» **Your task**: Print all the records below exactly as they stand, but leave out the pictures.

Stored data
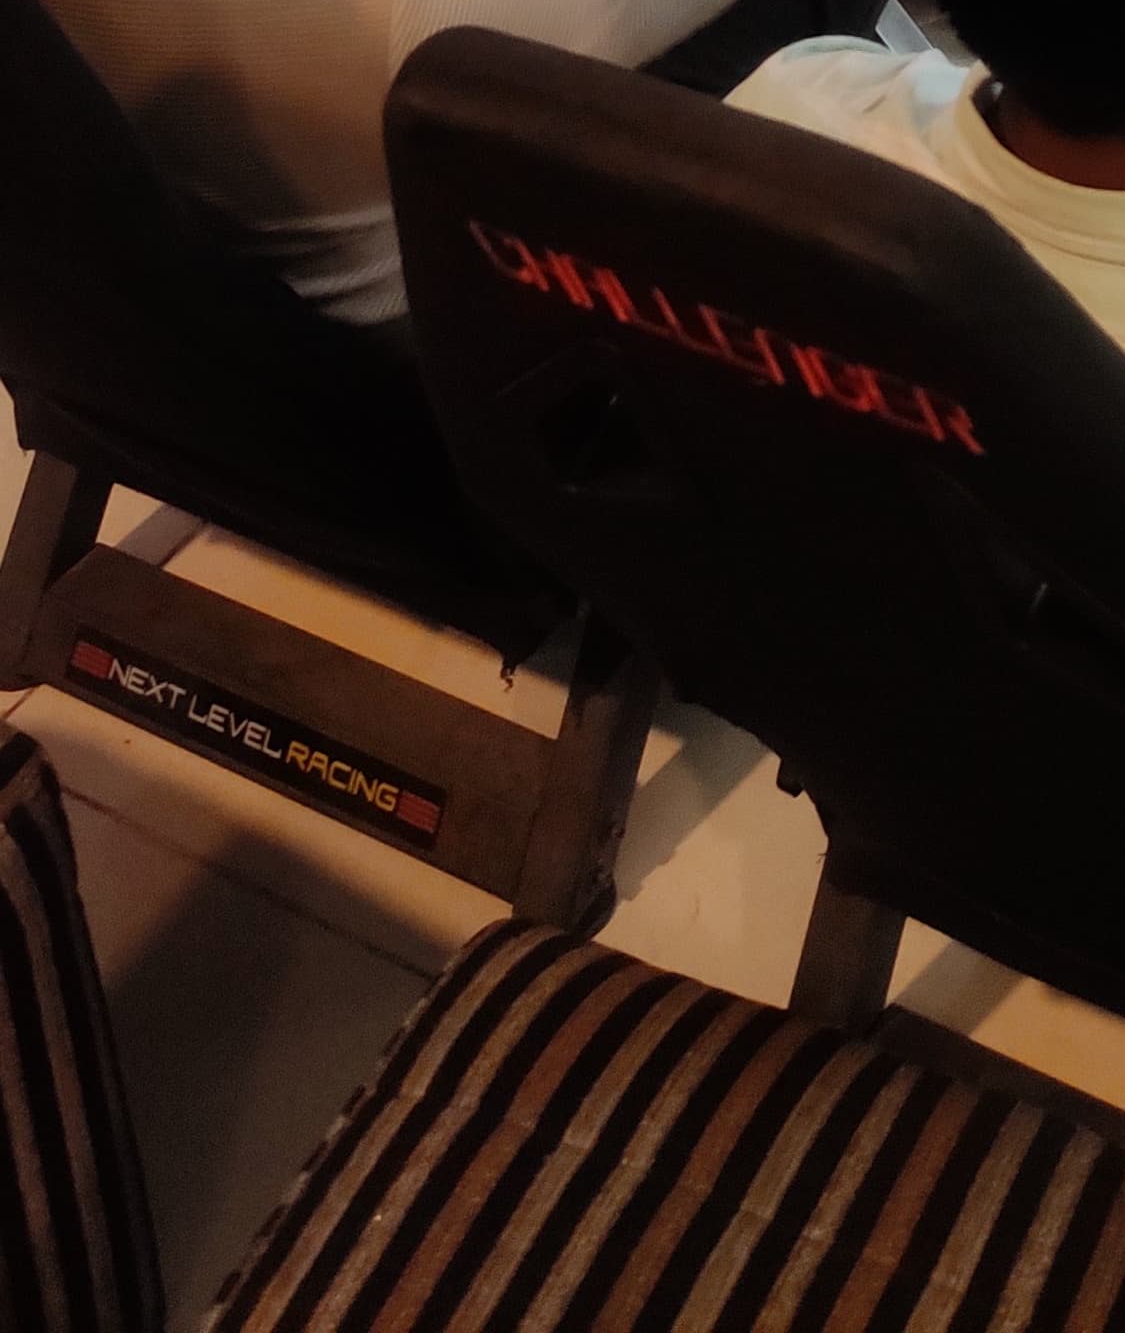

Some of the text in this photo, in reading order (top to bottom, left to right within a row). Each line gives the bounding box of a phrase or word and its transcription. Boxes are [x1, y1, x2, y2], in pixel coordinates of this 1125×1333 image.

[108, 658, 399, 813] NEXT LEVEL RACING
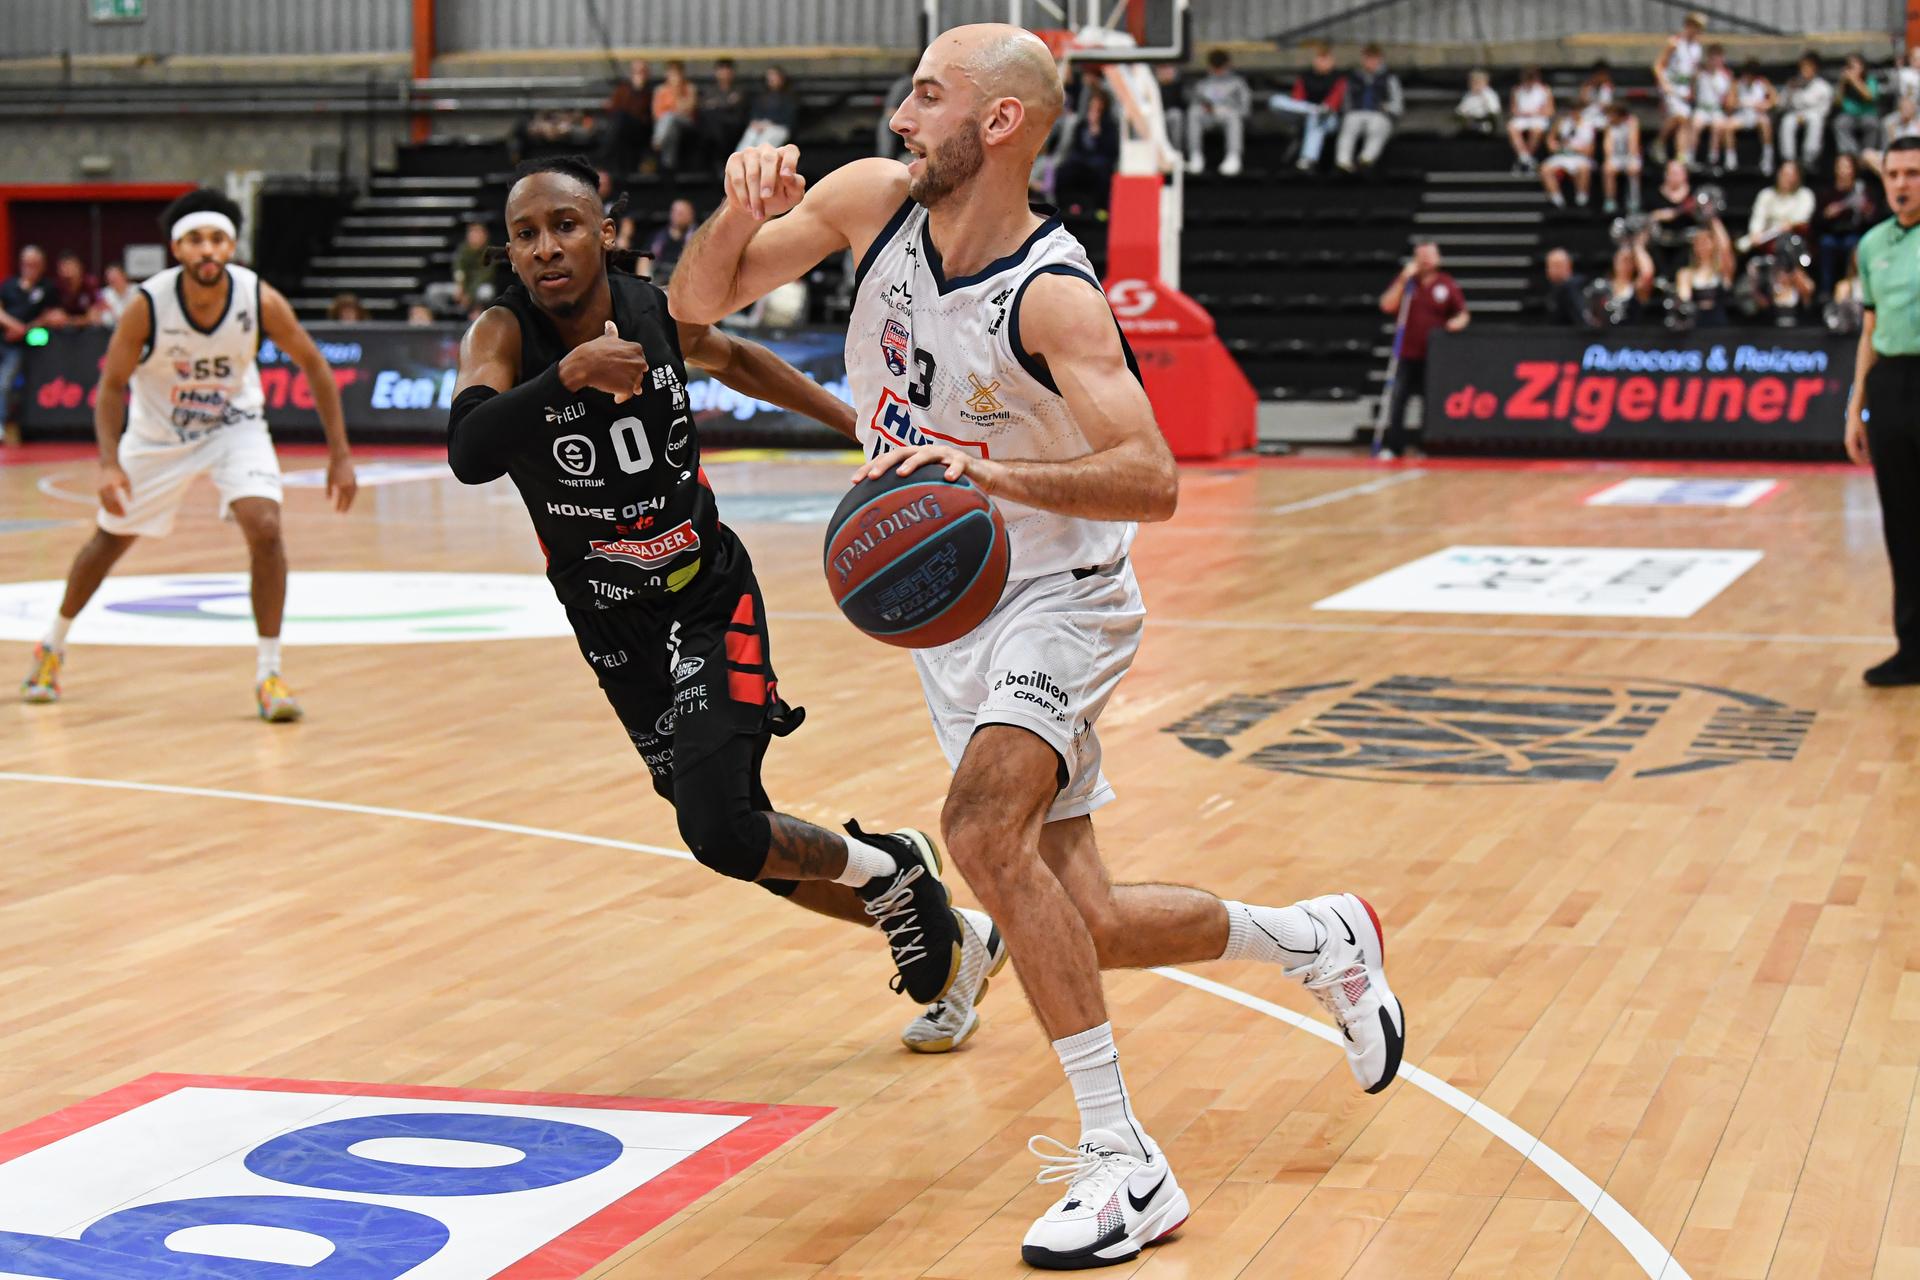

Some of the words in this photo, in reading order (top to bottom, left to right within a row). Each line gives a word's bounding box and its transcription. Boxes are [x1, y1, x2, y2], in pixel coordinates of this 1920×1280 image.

[195, 356, 231, 380] 55
[1582, 345, 1702, 372] Autocars
[1706, 345, 1728, 372] &
[1734, 345, 1829, 373] Reizen
[37, 376, 83, 409] de
[908, 348, 937, 409] 3
[1445, 386, 1497, 418] de
[1504, 361, 1824, 433] Zigeuner
[960, 410, 1010, 421] PepperMill
[609, 416, 654, 474] 0
[546, 502, 617, 521] HOUSE
[622, 500, 650, 519] OF
[833, 494, 944, 585] SPALDING
[1005, 670, 1069, 707] baillien
[1013, 690, 1058, 714] CRAFT

» **Task output**:
Some of the text in this photo, in reading order (top to bottom, left to right within a row). Each line gives the bounding box of a phrase or word and its transcription. Boxes are [x1, y1, x2, y2], in pixel coordinates of this 1125×1333 image.

[108, 658, 399, 813] NEXT LEVEL RACING

Some of the words in this photo, in reading order (top to bottom, left to right within a row). Each line gives a word's bounding box and its transcription. Boxes are [x1, y1, x2, y2], in pixel coordinates of this 1920×1280 image.

[195, 356, 231, 380] 55
[1582, 345, 1702, 372] Autocars
[1706, 345, 1728, 372] &
[1734, 345, 1829, 373] Reizen
[37, 376, 83, 409] de
[908, 348, 937, 409] 3
[1445, 386, 1497, 418] de
[1504, 361, 1824, 433] Zigeuner
[960, 410, 1010, 421] PepperMill
[609, 416, 654, 474] 0
[546, 502, 617, 521] HOUSE
[622, 500, 650, 519] OF
[833, 494, 944, 585] SPALDING
[1005, 670, 1069, 707] baillien
[1013, 690, 1058, 714] CRAFT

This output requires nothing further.